The economist John Kenneth Galbraith was taking a nap on a weekend, when he was put on a plane and taken away to a secret location, with strict instructions to his wife & family to keep mum on his absence. At the scret location ie. Camp David, JKG found himself in the presence of a dozen economists who were also similarly escorted away on their weekend. President Nixon confronted the bunch & said "price of meat is going thru the roof. what should i do ?"
obviously, beefprice is a function of cattle supply and cattlefeed supply, which had been heavily hit by a drought in the south of usa.
one could simply wait & hope the supply demand curves of beef reach some equilibrium, but the situation was dire & there was rioting in the public. Nixon hoped the economists would have an answer. JKG said "price controls!". So Nixon instituted a prize-freeze on beef for 90 days. Public was elated, Nixon's rating soared & all was well. 90 days later, the freeze was lifted. Economics prevailed, & the price of beef exploded. Poor Nixon repeated the gimmick with his economists & asked them "what should i do now ?" JKG wanted to say price-control again, but another economist pre-empted "you can't step into the same river twice". Nixon shot back "yes you can, if the river is frozen!"
Now that's an example, albeit a lot moe dramatic, of what economists actually do...
great great articles. im currently a undergrad in economics and came about this website searching google.

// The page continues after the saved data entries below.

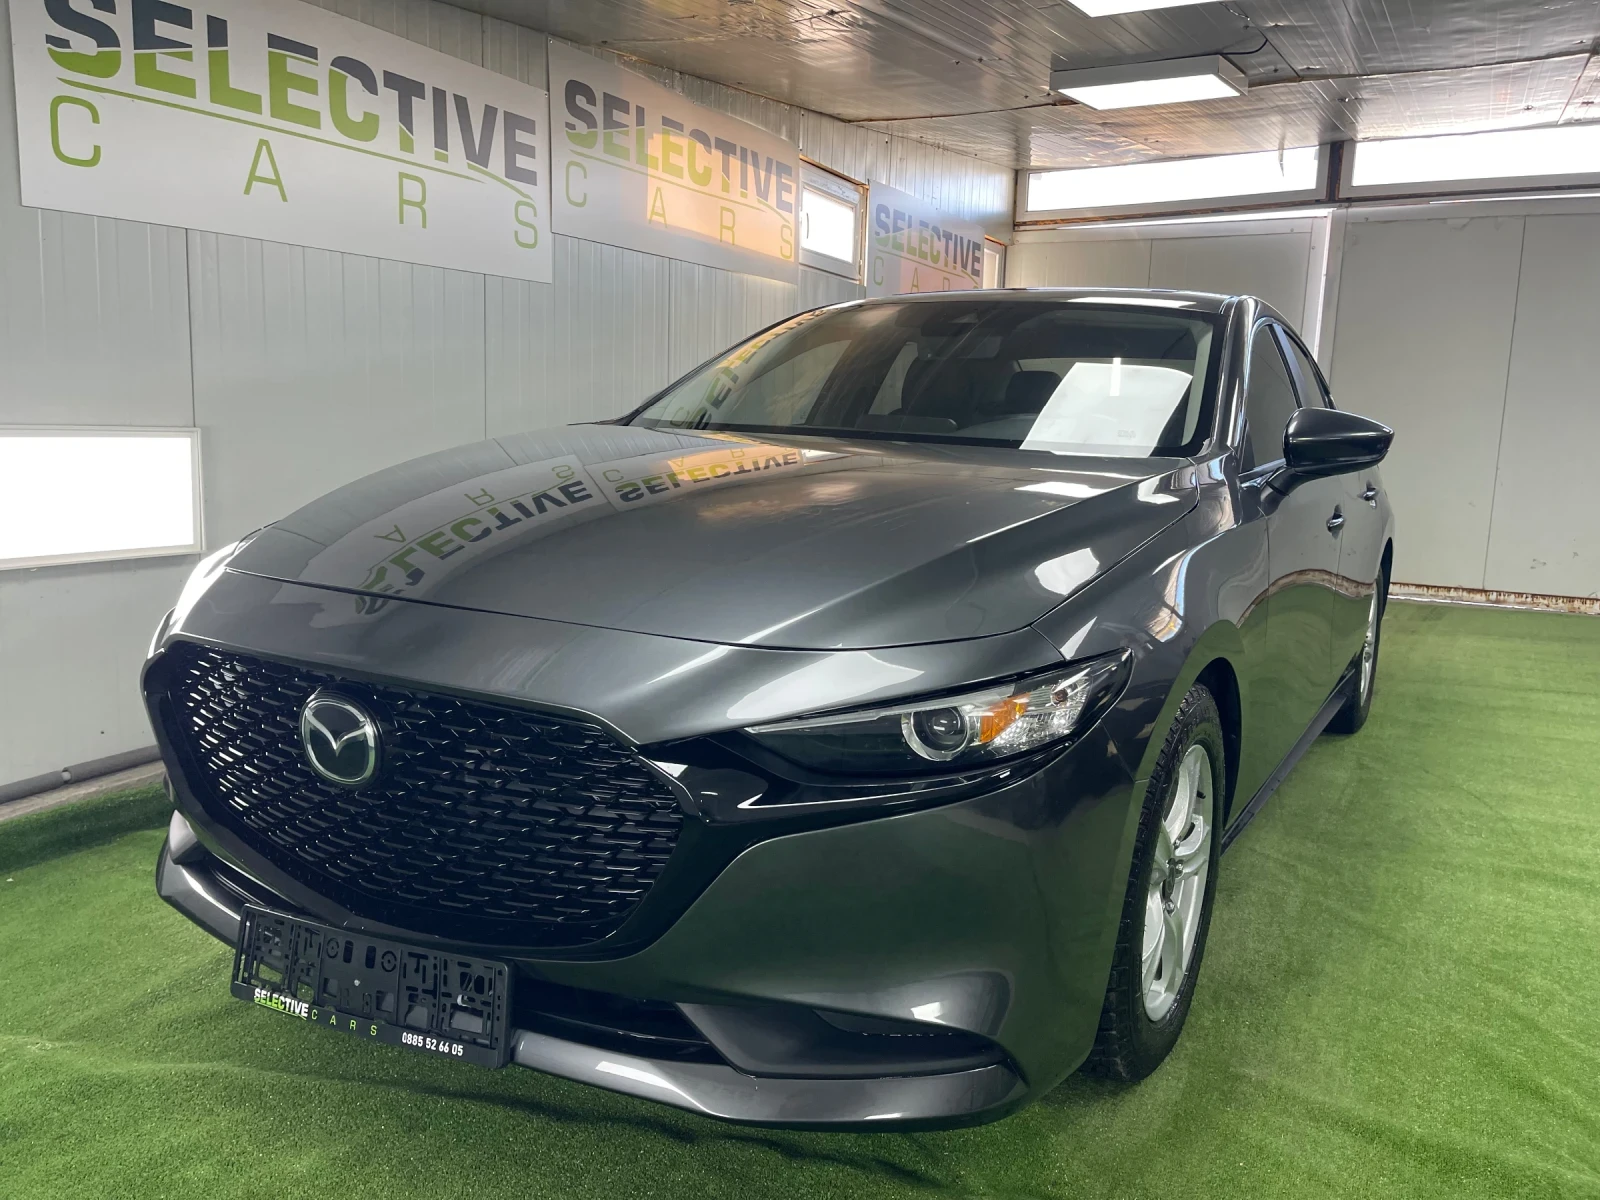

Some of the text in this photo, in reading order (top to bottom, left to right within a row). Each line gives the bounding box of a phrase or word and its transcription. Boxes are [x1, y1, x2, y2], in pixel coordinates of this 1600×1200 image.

[45, 0, 538, 186] SELECTIVE
[50, 95, 538, 249] CARS
[564, 79, 793, 214] SELECTIVE
[565, 161, 793, 260] CARS
[875, 203, 981, 277] SELECTIVE
[873, 255, 979, 293] CA
[254, 988, 464, 1057] SELECTIVE CARS 0885 52 66 05

Please continue with the economic bloggings. =)
although i am suppose to say about ur article here, I found ramblings by Krishnan more interesting. Its high that we as practitioners of sciences start understanding the basic tenets of our professions.

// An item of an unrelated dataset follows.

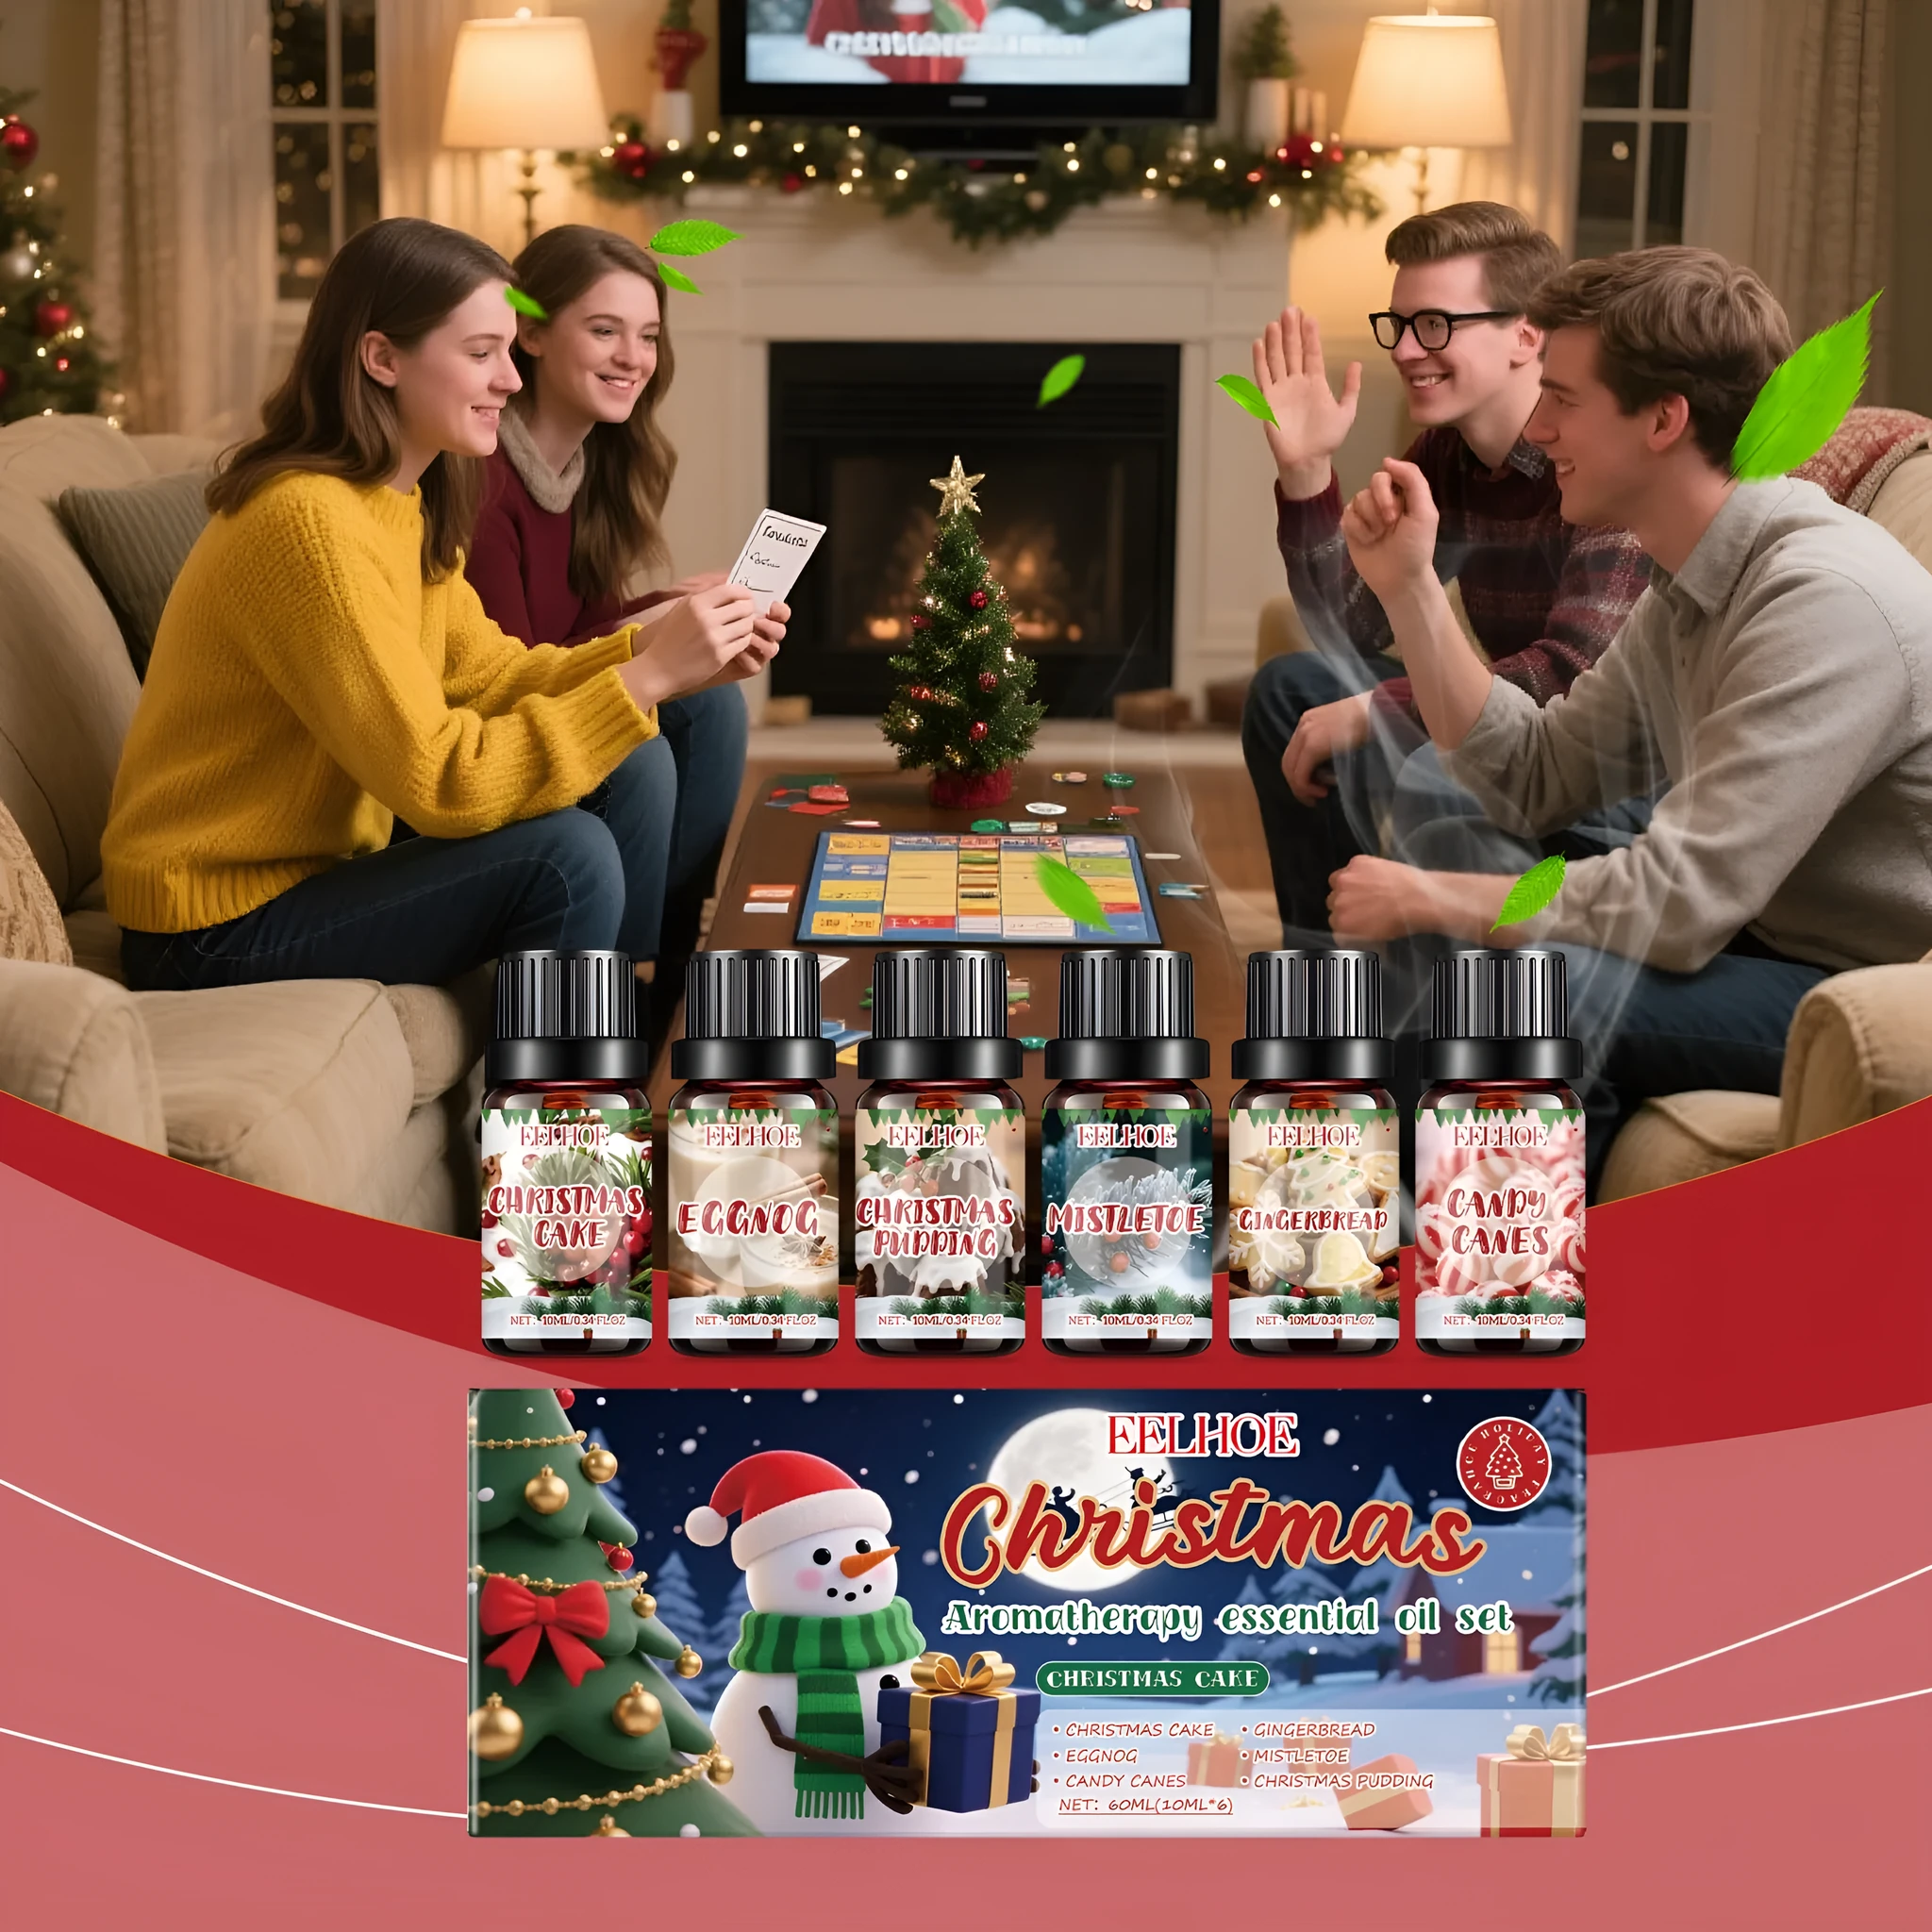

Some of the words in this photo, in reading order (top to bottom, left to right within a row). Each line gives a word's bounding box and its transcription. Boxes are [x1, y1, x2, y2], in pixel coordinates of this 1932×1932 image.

This works for substituting “religion,” “political science” and no doubt many other fields of study in place of “economics.” We have no shortage of explanations.
Marvin Harris’ book, “Cows, Pigs, Wars, and Witches : The Riddles of Culture” does a nice job of weaving a few of our ‘ologies’ together. That was from Anthropology 101 in my case.
An excellent insight into the world of economists that any prospective student should be privvy to.